I honestly hadn't seen Night of the Demons for about a decade when I sat down to watch this Blu-ray. Most of my memories of the film were from watching an old VHS copy, so this Collector's Edition Blu-ray from Shout! Factory was something of a revelation. The first thing I noticed was how much the film owes to classic horror tropes. When I first saw the film I didn't realize how much it was playing with expectations about teen movies. Of course the poster art explicitly calls out Friday the 13th and A Nightmare on Elm Street, but the film itself is going for more classic teen archetypes, from the guy wearing the pig nose and being a jerk to the virginal girl and her Alice costume.
More importantly, this time I noticed just how different Night of the Demons is from its eighties counterparts. The film isn't a killfest from start to finish. Instead, we get almost half the running time before things really start to happen in terms of gore and kills. Though I wouldn't argue that the kids involved in this Halloween massacre are Shakespearean creations, they are a bit more delineated than the average slasher bait. That first half is crucial for establishing atmosphere, from the creepy Hull House to the weird dancing of Angela. Then, once things kick off, Night of the Demons makes a crucial decision that sets it above many of its contemporaries: rather than giving us a single bad guy to stalk each of the characters, multiple teens are possessed. This gives the final act a lot more momentum and sets it apart from the many hack-and-slash horror films of the era.
Night of the Demons (Blu-ray) proves even the most cultish of cult films can benefit from an excellent hi-def release. Things start with a beautiful 1.85:1/1080p AVC-encoded transfer. It seems to have been struck from a re-mastered print of the film, and even manages to best the decent DVD from ten years ago. This transfer maintains a brilliantly film-like look, with appropriate grain throughout. The numerous scenes in the near-dark of Hull House showcase solid black levels and good range between the shadows and full darkness. Perhaps the biggest complaint is that the image is sometimes a bit soft, but that seems like a fact of shooting rather than a problem with this transfer. No excessive sharpening or DNR seems to have been applied to compensate.

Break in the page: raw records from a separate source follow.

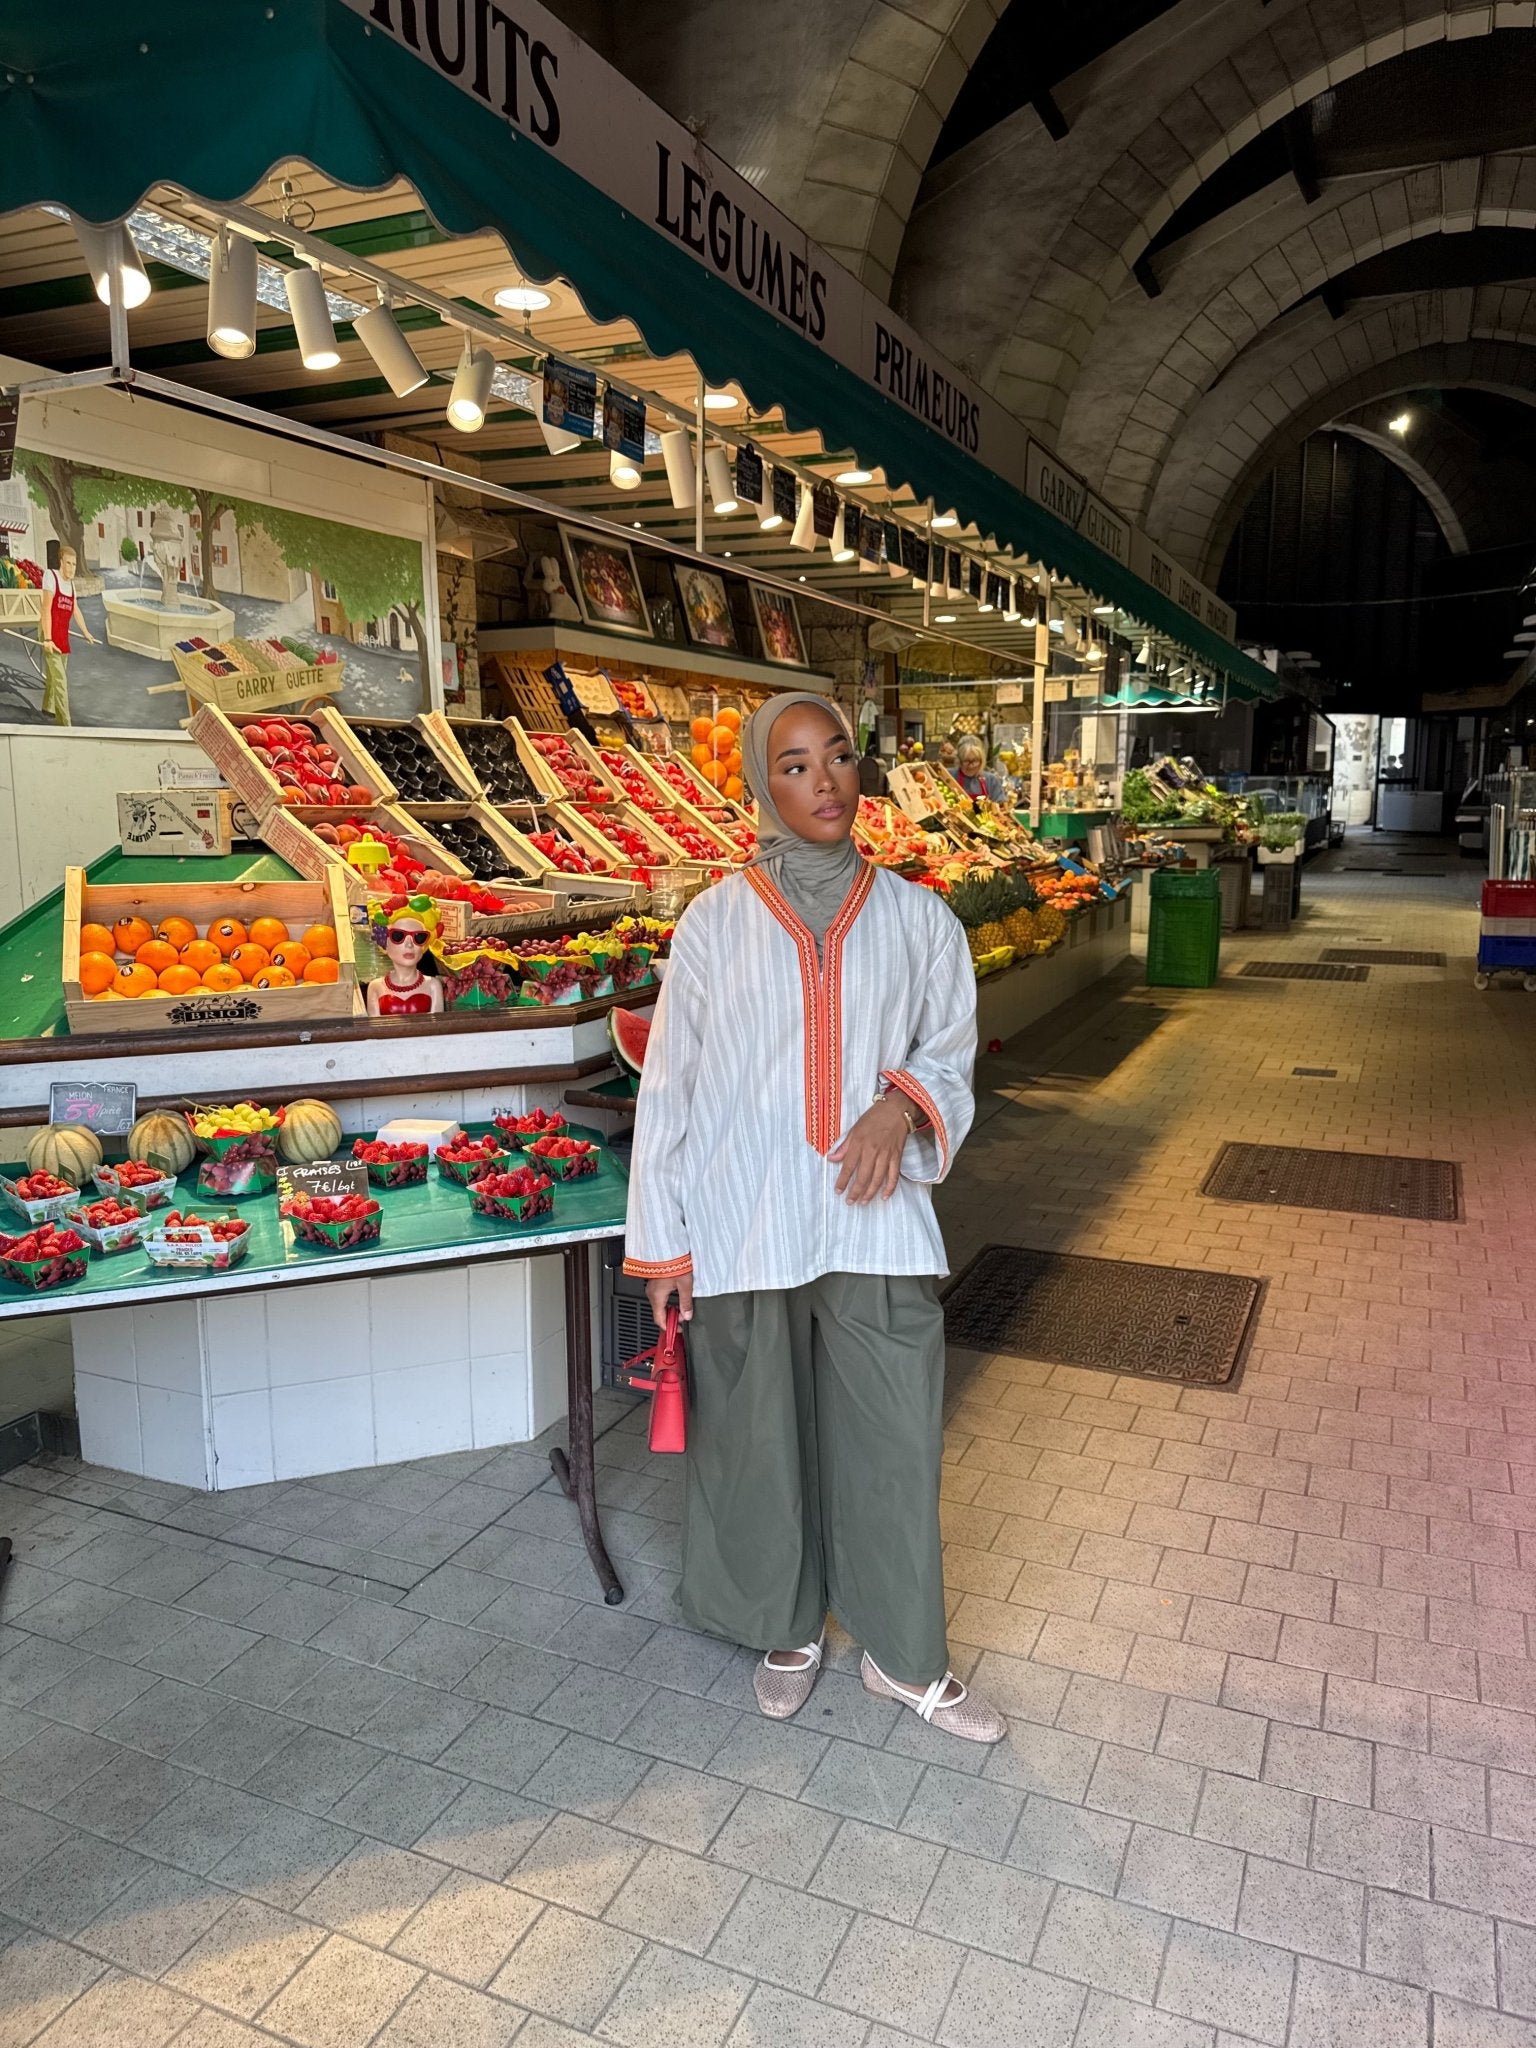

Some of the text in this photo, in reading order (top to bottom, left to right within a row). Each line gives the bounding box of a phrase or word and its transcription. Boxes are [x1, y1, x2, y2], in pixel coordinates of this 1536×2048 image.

[655, 140, 827, 342] LEGUMES
[873, 320, 981, 454] PRIMEURS
[1040, 466, 1080, 523] GARRY
[1087, 504, 1123, 559] GUETTE
[236, 667, 324, 700] GARRY GUETTE
[191, 1008, 240, 1020] BRIO
[68, 1091, 93, 1100] MELON
[103, 1086, 129, 1094] FRANCE
[293, 1164, 342, 1178] FRAISES

Fans get their choice of three DTS-HD tracks. The first is the film's original 2.0 stereo track. It sounds a bit dated, with a more limited dynamic range and directionality, but it's clean and clear. Next up is a 5.1 mix that adds a bit more directionality and sounds just a bit fuller. There's also a re-mastered stereo track that sounds like it might be a downmix of the 5.1 track. All three suffer a bit for being almost thirty years old. Dialogue, though, is generally clean and clear, and the synth-driven score sounds better than I've heard it before.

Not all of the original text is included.